Award-winning Thai film-maker Apichatpong Weerasethakul's immersive film experience Fever Room opens at Victoria Theatre tomorrow.
He describes the work as "expanded cinema", in which the audience gets a different perspective of film than is usually achieved from the viewers' seats.
Fever Room is presented as part of The Curators Academy, a new initiative by local arts group TheatreWorks meant to nurture curators and arts practitioners through workshops and exposure to genre-bending performances.
Fever Room complements Apichatpong's 2015 film about sleeping soldiers, Cemetery Of Splendour, which has never been shown in Thailand because its themes of a troubled and repressed country risk upsetting the ruling military regime. Cemetery Of Splendour has, however, toured film festivals and been shown in the United States and Britain.
The Asian Arts Theatre in Gwangju, South Korea, provided funding for Cemetery Of Splendour on condition that the director produce a work of performing art.
This was a challenge for Apichatpong, who says: "I'm pretty far from theatre. I don't get it at all." While touring the theatre, however, he had a breakthrough while standing on stage and looking at the rows of empty seats before him.
"That was the start, when I wanted the audience to experience what I felt. I asked myself, for this performance, would it be possible for the audience themselves to be part of the dream?"
VIEW IT / FEVER ROOM
WHERE: Victoria Theatre, 9 Empress Place
WHEN: Tomorrow , 10pm; Friday, 5, 7.30 and 10pm; Saturday, 2.30, 5, 7.30 and 10pm; Sunday, noon, 2.30 and 5pm
ADMISSION: $20 from Sistic (call 6348-5555 or go to sistic.com.sg)
INFO: Thai with English subtitles
In Cemetery Of Splendour, Thai soldiers are affected by narcolepsy and a housewife, Jen, navigates the borders between her reality and their dreams.
The director says Fever Room will hopefully make the audience feel part of the film's dreamscapes too. "For this show, I experimented with the lighting designer and graphic designer for the feeling of drifting or being on some border. What my work has focused on for a long time is the border between reality and fiction and life and death."

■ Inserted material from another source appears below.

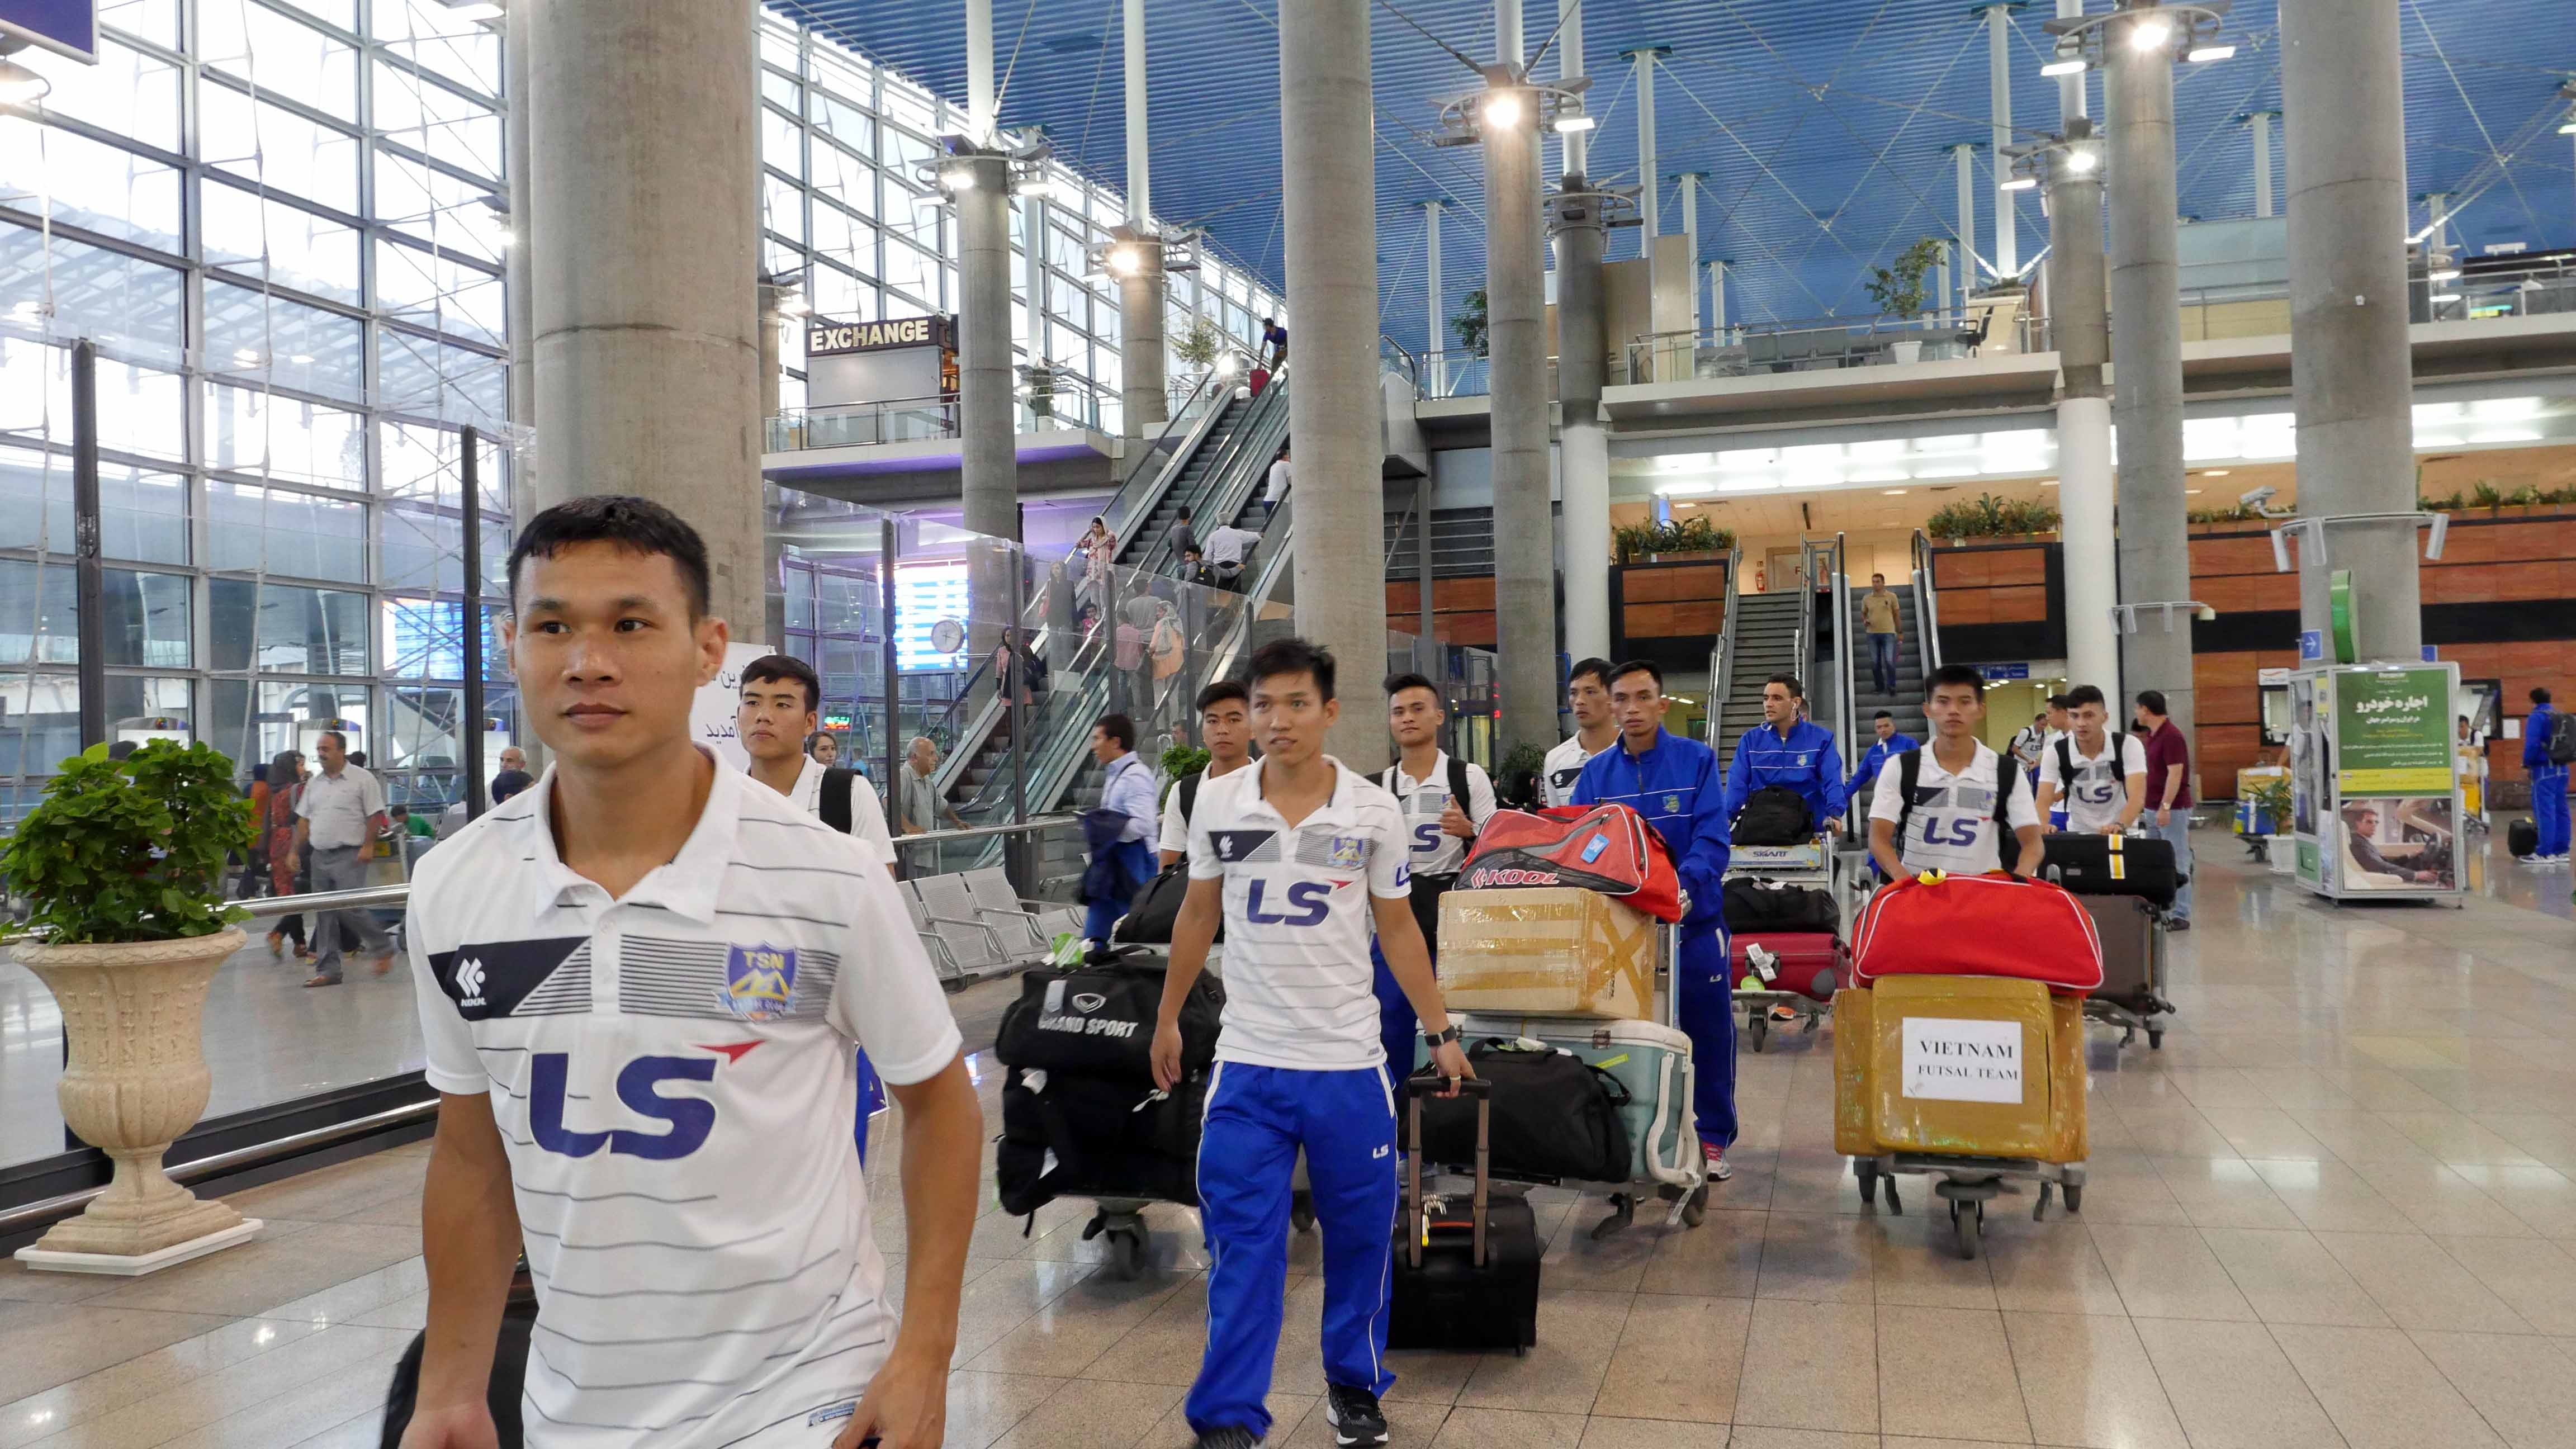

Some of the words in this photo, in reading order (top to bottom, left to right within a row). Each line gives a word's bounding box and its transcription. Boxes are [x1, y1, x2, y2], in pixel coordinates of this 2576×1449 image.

His film about a similar brush between the real and surreal, Uncle Boonmee Who Can Recall His Past Lives (2010), won the Palme d'Or at the Cannes Film Festival.
Apichatpong, who turns 48 in July, was born in Khon Kaen in north-eastern Thailand, the location of Cemetery Of Splendour. "As a kid in a small town, there was nothing to do. Movies allowed me, when I was young, to see the world," he says, adding with a laugh: "When I make movies now, it takes me to different places, like film festivals."
In 2016, he was one of several directors commissioned by National Gallery Singapore to make a short film based on works in its South-east Asian art collection for an anthology shown at the Singapore International Film Festival.
He says visual art is "closer" to cinema, but theatre is something he is still learning about.
What he likes about theatre is its flexibility: "For a feature film, once you finish it, you can't do anything about it. For Fever Room, I keep changing it", based on the layout of the performance space and audience feedback at previous sessions.
He likes to keep the audience in the dark about the nature of the immersive experience. "I don't even allow documentation of the show or photos to go out," he says. "It's quite sacred, you have to experience it yourself."